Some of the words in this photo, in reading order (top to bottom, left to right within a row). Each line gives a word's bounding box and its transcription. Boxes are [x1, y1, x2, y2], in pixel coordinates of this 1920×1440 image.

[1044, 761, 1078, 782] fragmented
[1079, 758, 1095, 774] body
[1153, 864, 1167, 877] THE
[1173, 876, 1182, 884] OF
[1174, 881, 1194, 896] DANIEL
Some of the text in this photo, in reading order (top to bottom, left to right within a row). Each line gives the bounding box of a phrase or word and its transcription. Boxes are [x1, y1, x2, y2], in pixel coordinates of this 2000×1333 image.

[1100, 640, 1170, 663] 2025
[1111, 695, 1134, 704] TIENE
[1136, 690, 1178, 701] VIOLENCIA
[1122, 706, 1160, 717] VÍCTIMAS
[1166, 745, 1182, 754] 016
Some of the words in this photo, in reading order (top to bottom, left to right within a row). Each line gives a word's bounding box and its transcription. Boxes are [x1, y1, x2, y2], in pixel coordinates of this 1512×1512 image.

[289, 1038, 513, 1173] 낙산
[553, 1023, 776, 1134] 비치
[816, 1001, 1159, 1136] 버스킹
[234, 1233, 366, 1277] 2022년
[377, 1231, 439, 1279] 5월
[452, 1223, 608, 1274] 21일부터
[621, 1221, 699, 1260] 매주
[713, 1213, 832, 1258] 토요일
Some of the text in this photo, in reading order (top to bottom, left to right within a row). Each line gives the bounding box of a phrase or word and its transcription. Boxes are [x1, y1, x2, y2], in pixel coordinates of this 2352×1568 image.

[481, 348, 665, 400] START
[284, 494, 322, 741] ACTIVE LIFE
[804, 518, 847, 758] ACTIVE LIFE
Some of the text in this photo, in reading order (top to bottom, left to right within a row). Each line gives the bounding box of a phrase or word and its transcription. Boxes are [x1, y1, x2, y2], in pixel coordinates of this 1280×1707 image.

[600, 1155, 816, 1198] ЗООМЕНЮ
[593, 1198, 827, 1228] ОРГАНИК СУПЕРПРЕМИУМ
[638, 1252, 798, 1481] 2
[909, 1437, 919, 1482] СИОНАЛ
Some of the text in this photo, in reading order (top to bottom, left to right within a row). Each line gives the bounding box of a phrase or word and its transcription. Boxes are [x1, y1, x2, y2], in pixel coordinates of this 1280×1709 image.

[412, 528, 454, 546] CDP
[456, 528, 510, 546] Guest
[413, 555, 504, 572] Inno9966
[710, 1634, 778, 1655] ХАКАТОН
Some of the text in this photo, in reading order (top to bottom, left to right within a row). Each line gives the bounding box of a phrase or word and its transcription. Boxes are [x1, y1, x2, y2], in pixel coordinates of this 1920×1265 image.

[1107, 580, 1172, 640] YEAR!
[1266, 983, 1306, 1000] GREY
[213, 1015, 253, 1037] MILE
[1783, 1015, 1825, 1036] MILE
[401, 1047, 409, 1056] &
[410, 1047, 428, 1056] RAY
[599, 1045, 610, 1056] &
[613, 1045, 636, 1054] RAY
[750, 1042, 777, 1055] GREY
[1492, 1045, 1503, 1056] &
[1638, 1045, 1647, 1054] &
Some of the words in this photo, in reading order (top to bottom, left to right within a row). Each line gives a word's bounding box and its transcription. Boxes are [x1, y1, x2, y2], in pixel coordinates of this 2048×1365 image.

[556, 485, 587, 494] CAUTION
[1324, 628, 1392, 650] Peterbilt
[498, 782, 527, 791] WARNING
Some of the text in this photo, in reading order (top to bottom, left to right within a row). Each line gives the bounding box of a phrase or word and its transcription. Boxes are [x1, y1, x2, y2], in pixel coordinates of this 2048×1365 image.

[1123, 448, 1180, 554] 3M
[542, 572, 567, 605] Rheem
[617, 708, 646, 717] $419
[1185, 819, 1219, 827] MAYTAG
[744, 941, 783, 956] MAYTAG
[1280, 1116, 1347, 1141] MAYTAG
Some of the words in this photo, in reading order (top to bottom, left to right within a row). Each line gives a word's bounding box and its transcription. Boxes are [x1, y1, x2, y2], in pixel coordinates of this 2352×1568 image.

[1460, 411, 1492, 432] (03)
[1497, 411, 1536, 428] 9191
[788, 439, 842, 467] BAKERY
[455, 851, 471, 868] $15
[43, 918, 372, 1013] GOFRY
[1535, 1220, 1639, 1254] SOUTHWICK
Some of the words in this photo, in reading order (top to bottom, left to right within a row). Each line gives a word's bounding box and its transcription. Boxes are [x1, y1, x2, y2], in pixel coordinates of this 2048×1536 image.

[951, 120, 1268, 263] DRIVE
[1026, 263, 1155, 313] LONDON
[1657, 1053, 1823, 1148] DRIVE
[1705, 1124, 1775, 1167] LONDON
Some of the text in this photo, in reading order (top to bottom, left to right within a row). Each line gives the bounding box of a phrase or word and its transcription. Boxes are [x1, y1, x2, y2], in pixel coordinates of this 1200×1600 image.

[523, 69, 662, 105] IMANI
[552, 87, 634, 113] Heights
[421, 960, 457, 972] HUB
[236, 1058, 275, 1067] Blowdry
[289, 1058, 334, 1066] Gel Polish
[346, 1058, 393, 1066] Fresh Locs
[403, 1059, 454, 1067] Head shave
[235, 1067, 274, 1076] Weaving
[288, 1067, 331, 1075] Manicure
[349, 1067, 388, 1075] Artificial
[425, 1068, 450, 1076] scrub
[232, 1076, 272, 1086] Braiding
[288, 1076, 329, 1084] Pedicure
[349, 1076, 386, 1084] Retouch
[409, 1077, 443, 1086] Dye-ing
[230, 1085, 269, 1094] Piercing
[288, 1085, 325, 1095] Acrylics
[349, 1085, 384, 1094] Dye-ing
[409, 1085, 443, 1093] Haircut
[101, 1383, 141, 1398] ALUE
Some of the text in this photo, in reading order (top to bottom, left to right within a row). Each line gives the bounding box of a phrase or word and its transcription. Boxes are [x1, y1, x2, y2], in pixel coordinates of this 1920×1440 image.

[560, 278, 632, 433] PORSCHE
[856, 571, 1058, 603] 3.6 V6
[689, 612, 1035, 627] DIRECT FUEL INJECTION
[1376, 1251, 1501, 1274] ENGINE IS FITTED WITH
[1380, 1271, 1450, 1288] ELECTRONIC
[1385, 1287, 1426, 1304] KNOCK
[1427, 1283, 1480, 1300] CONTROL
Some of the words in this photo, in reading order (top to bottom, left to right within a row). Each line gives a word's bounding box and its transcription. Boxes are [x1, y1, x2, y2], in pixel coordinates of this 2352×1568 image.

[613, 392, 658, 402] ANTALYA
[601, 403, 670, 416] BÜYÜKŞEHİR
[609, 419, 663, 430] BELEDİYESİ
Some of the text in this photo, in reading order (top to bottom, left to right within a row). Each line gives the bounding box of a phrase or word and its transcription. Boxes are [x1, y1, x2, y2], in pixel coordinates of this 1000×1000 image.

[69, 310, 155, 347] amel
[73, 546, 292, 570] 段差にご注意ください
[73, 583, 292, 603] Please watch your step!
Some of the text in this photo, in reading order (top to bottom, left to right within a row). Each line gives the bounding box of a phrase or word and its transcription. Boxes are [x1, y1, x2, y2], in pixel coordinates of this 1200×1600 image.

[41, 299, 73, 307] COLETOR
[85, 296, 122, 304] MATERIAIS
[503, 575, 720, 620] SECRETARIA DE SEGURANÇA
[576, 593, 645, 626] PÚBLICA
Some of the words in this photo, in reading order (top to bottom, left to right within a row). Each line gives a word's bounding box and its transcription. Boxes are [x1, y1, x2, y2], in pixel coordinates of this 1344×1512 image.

## Task goal
Take the entries above and return all of them exactly.

## Output of the task
Some of the words in this photo, in reading order (top to bottom, left to right within a row). Each line gives a word's bounding box and its transcription. Boxes are [x1, y1, x2, y2], in pixel coordinates of this 1920×1440 image.

[1044, 761, 1078, 782] fragmented
[1079, 758, 1095, 774] body
[1153, 864, 1167, 877] THE
[1173, 876, 1182, 884] OF
[1174, 881, 1194, 896] DANIEL
Some of the text in this photo, in reading order (top to bottom, left to right within a row). Each line gives the bounding box of a phrase or word and its transcription. Boxes are [x1, y1, x2, y2], in pixel coordinates of this 2000×1333 image.

[1100, 640, 1170, 663] 2025
[1111, 695, 1134, 704] TIENE
[1136, 690, 1178, 701] VIOLENCIA
[1122, 706, 1160, 717] VÍCTIMAS
[1166, 745, 1182, 754] 016
Some of the words in this photo, in reading order (top to bottom, left to right within a row). Each line gives a word's bounding box and its transcription. Boxes are [x1, y1, x2, y2], in pixel coordinates of this 1512×1512 image.

[289, 1038, 513, 1173] 낙산
[553, 1023, 776, 1134] 비치
[816, 1001, 1159, 1136] 버스킹
[234, 1233, 366, 1277] 2022년
[377, 1231, 439, 1279] 5월
[452, 1223, 608, 1274] 21일부터
[621, 1221, 699, 1260] 매주
[713, 1213, 832, 1258] 토요일
Some of the text in this photo, in reading order (top to bottom, left to right within a row). Each line gives the bounding box of a phrase or word and its transcription. Boxes are [x1, y1, x2, y2], in pixel coordinates of this 2352×1568 image.

[481, 348, 665, 400] START
[284, 494, 322, 741] ACTIVE LIFE
[804, 518, 847, 758] ACTIVE LIFE
Some of the text in this photo, in reading order (top to bottom, left to right within a row). Each line gives the bounding box of a phrase or word and its transcription. Boxes are [x1, y1, x2, y2], in pixel coordinates of this 1280×1707 image.

[600, 1155, 816, 1198] ЗООМЕНЮ
[593, 1198, 827, 1228] ОРГАНИК СУПЕРПРЕМИУМ
[638, 1252, 798, 1481] 2
[909, 1437, 919, 1482] СИОНАЛ
Some of the text in this photo, in reading order (top to bottom, left to right within a row). Each line gives the bounding box of a phrase or word and its transcription. Boxes are [x1, y1, x2, y2], in pixel coordinates of this 1280×1709 image.

[412, 528, 454, 546] CDP
[456, 528, 510, 546] Guest
[413, 555, 504, 572] Inno9966
[710, 1634, 778, 1655] ХАКАТОН
Some of the text in this photo, in reading order (top to bottom, left to right within a row). Each line gives the bounding box of a phrase or word and its transcription. Boxes are [x1, y1, x2, y2], in pixel coordinates of this 1920×1265 image.

[1107, 580, 1172, 640] YEAR!
[1266, 983, 1306, 1000] GREY
[213, 1015, 253, 1037] MILE
[1783, 1015, 1825, 1036] MILE
[401, 1047, 409, 1056] &
[410, 1047, 428, 1056] RAY
[599, 1045, 610, 1056] &
[613, 1045, 636, 1054] RAY
[750, 1042, 777, 1055] GREY
[1492, 1045, 1503, 1056] &
[1638, 1045, 1647, 1054] &
Some of the words in this photo, in reading order (top to bottom, left to right within a row). Each line gives a word's bounding box and its transcription. Boxes are [x1, y1, x2, y2], in pixel coordinates of this 2048×1365 image.

[556, 485, 587, 494] CAUTION
[1324, 628, 1392, 650] Peterbilt
[498, 782, 527, 791] WARNING
Some of the text in this photo, in reading order (top to bottom, left to right within a row). Each line gives the bounding box of a phrase or word and its transcription. Boxes are [x1, y1, x2, y2], in pixel coordinates of this 2048×1365 image.

[1123, 448, 1180, 554] 3M
[542, 572, 567, 605] Rheem
[617, 708, 646, 717] $419
[1185, 819, 1219, 827] MAYTAG
[744, 941, 783, 956] MAYTAG
[1280, 1116, 1347, 1141] MAYTAG
Some of the words in this photo, in reading order (top to bottom, left to right within a row). Each line gives a word's bounding box and its transcription. Boxes are [x1, y1, x2, y2], in pixel coordinates of this 2352×1568 image.

[1460, 411, 1492, 432] (03)
[1497, 411, 1536, 428] 9191
[788, 439, 842, 467] BAKERY
[455, 851, 471, 868] $15
[43, 918, 372, 1013] GOFRY
[1535, 1220, 1639, 1254] SOUTHWICK
Some of the words in this photo, in reading order (top to bottom, left to right within a row). Each line gives a word's bounding box and its transcription. Boxes are [x1, y1, x2, y2], in pixel coordinates of this 2048×1536 image.

[951, 120, 1268, 263] DRIVE
[1026, 263, 1155, 313] LONDON
[1657, 1053, 1823, 1148] DRIVE
[1705, 1124, 1775, 1167] LONDON
Some of the text in this photo, in reading order (top to bottom, left to right within a row). Each line gives the bounding box of a phrase or word and its transcription. Boxes are [x1, y1, x2, y2], in pixel coordinates of this 1200×1600 image.

[523, 69, 662, 105] IMANI
[552, 87, 634, 113] Heights
[421, 960, 457, 972] HUB
[236, 1058, 275, 1067] Blowdry
[289, 1058, 334, 1066] Gel Polish
[346, 1058, 393, 1066] Fresh Locs
[403, 1059, 454, 1067] Head shave
[235, 1067, 274, 1076] Weaving
[288, 1067, 331, 1075] Manicure
[349, 1067, 388, 1075] Artificial
[425, 1068, 450, 1076] scrub
[232, 1076, 272, 1086] Braiding
[288, 1076, 329, 1084] Pedicure
[349, 1076, 386, 1084] Retouch
[409, 1077, 443, 1086] Dye-ing
[230, 1085, 269, 1094] Piercing
[288, 1085, 325, 1095] Acrylics
[349, 1085, 384, 1094] Dye-ing
[409, 1085, 443, 1093] Haircut
[101, 1383, 141, 1398] ALUE
Some of the text in this photo, in reading order (top to bottom, left to right within a row). Each line gives the bounding box of a phrase or word and its transcription. Boxes are [x1, y1, x2, y2], in pixel coordinates of this 1920×1440 image.

[560, 278, 632, 433] PORSCHE
[856, 571, 1058, 603] 3.6 V6
[689, 612, 1035, 627] DIRECT FUEL INJECTION
[1376, 1251, 1501, 1274] ENGINE IS FITTED WITH
[1380, 1271, 1450, 1288] ELECTRONIC
[1385, 1287, 1426, 1304] KNOCK
[1427, 1283, 1480, 1300] CONTROL
Some of the words in this photo, in reading order (top to bottom, left to right within a row). Each line gives a word's bounding box and its transcription. Boxes are [x1, y1, x2, y2], in pixel coordinates of this 2352×1568 image.

[613, 392, 658, 402] ANTALYA
[601, 403, 670, 416] BÜYÜKŞEHİR
[609, 419, 663, 430] BELEDİYESİ
Some of the text in this photo, in reading order (top to bottom, left to right within a row). Each line gives the bounding box of a phrase or word and its transcription. Boxes are [x1, y1, x2, y2], in pixel coordinates of this 1000×1000 image.

[69, 310, 155, 347] amel
[73, 546, 292, 570] 段差にご注意ください
[73, 583, 292, 603] Please watch your step!
Some of the text in this photo, in reading order (top to bottom, left to right within a row). Each line gives the bounding box of a phrase or word and its transcription. Boxes are [x1, y1, x2, y2], in pixel coordinates of this 1200×1600 image.

[41, 299, 73, 307] COLETOR
[85, 296, 122, 304] MATERIAIS
[503, 575, 720, 620] SECRETARIA DE SEGURANÇA
[576, 593, 645, 626] PÚBLICA
Some of the words in this photo, in reading order (top to bottom, left to right within a row). Each line gives a word's bounding box and its transcription. Boxes are [x1, y1, x2, y2], in pixel coordinates of this 1344×1512 image.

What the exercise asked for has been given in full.